You are viewing a plain text version of this content. The canonical link for it is here.
Posted to user@nutch.apache.org by Marko Asplund <ma...@gmail.com> on 2015/03/18 11:02:32 UTC

Problems with redirect handling: redirect count exceeded

Hi,

I'm a newbie having trouble getting Nutch 1.9 to crawl a site that does a
HTTP 301 redirect from http/80 to https/443.
Nutch fetch job issues the following message:

redirect count exceeded http://www.foo.com/

and it seems that nothing actually gets fetched.
I've set http.redirect.max parameter value to 50.

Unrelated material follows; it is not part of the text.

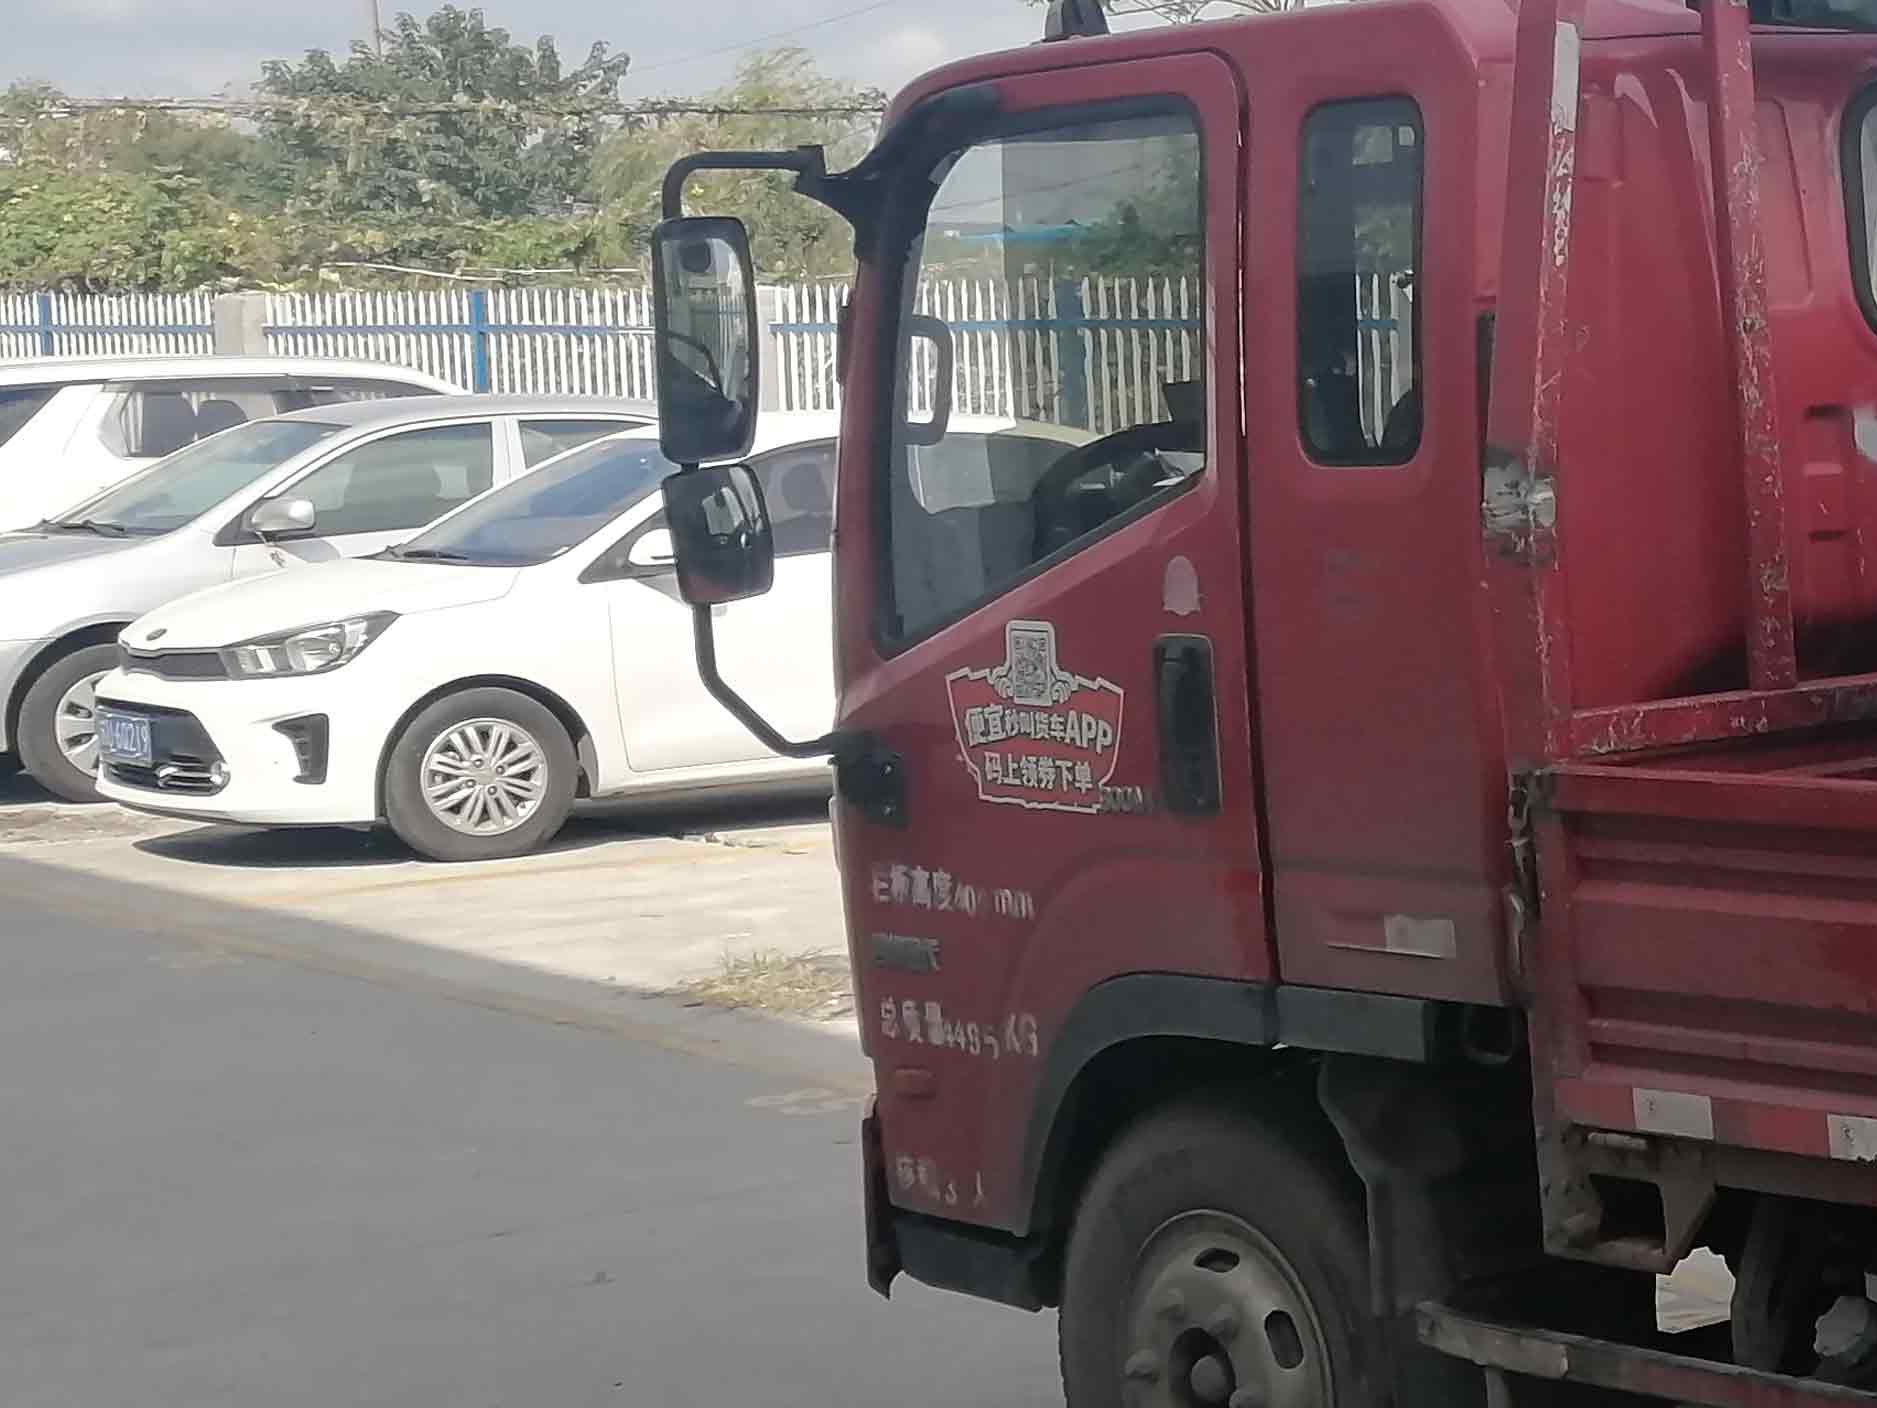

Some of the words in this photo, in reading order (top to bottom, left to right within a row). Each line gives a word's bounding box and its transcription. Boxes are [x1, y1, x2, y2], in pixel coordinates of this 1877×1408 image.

I've only injected one seed URL to Nutch.
The first fetch seems to download something, but the second generate job
doesn't appear to produce a new segment,
since there's only one segment in crawl DB after running it.

How can I debug problem?

Is there a way to make Nutch logging more verbose? I've set
http.verbose, but that didn't help.

How can I look at the crawl db and segment data contents (esp. fetch list)?
I'm running Nutch in local mode.

marko

Re: Problems with redirect handling: redirect count exceeded

Posted by Sebastian Nagel <wa...@googlemail.com>.
See also https://issues.apache.org/jira/browse/NUTCH-1939
(it's a bug in Nutch 1.9)

On 03/19/2015 10:10 PM, Sebastian Nagel wrote:
> Hi Marko,
> 
> even with
>   http.redirect.max == 0
> Nutch follows redirect but they are like ordinary links
> recorded for fetch in the next round(s).
> 
>> The first fetch seems to download something, but the second generate job
>> doesn't appear to produce a new segment,
> Are the redirect targets accepted by the URL filter patterns?
> 
>> How can I look at the crawl db and segment data contents (esp. fetch list)?
>> I'm running Nutch in local mode.
> % bin/nutch readdb ...
> % bin/nutch readseg ...
> Help is shown when called without arguments.
> 
> Best,
> Sebastian
> 
> On 03/18/2015 11:02 AM, Marko Asplund wrote:
>> Hi,
>>
>> I'm a newbie having trouble getting Nutch 1.9 to crawl a site that does a
>> HTTP 301 redirect from http/80 to https/443.
>> Nutch fetch job issues the following message:
>>
>> redirect count exceeded http://www.foo.com/
>>
>> and it seems that nothing actually gets fetched.
>> I've set http.redirect.max parameter value to 50.
>>
>> I've only injected one seed URL to Nutch.
>> The first fetch seems to download something, but the second generate job
>> doesn't appear to produce a new segment,
>> since there's only one segment in crawl DB after running it.
>>
>> How can I debug problem?
>>
>> Is there a way to make Nutch logging more verbose? I've set
>> http.verbose, but that didn't help.
>>
>> How can I look at the crawl db and segment data contents (esp. fetch list)?
>> I'm running Nutch in local mode.
>>
>> marko
>>
> 


Re: Problems with redirect handling: redirect count exceeded

Posted by Sebastian Nagel <wa...@googlemail.com>.
Hi Marko,

even with
  http.redirect.max == 0
Nutch follows redirect but they are like ordinary links
recorded for fetch in the next round(s).

> The first fetch seems to download something, but the second generate job
> doesn't appear to produce a new segment,
Are the redirect targets accepted by the URL filter patterns?

> How can I look at the crawl db and segment data contents (esp. fetch list)?
> I'm running Nutch in local mode.
% bin/nutch readdb ...
% bin/nutch readseg ...
Help is shown when called without arguments.

Best,
Sebastian

On 03/18/2015 11:02 AM, Marko Asplund wrote:
> Hi,
> 
> I'm a newbie having trouble getting Nutch 1.9 to crawl a site that does a
> HTTP 301 redirect from http/80 to https/443.
> Nutch fetch job issues the following message:
> 
> redirect count exceeded http://www.foo.com/
> 
> and it seems that nothing actually gets fetched.
> I've set http.redirect.max parameter value to 50.
> 
> I've only injected one seed URL to Nutch.
> The first fetch seems to download something, but the second generate job
> doesn't appear to produce a new segment,
> since there's only one segment in crawl DB after running it.
> 
> How can I debug problem?
> 
> Is there a way to make Nutch logging more verbose? I've set
> http.verbose, but that didn't help.
> 
> How can I look at the crawl db and segment data contents (esp. fetch list)?
> I'm running Nutch in local mode.
> 
> marko
>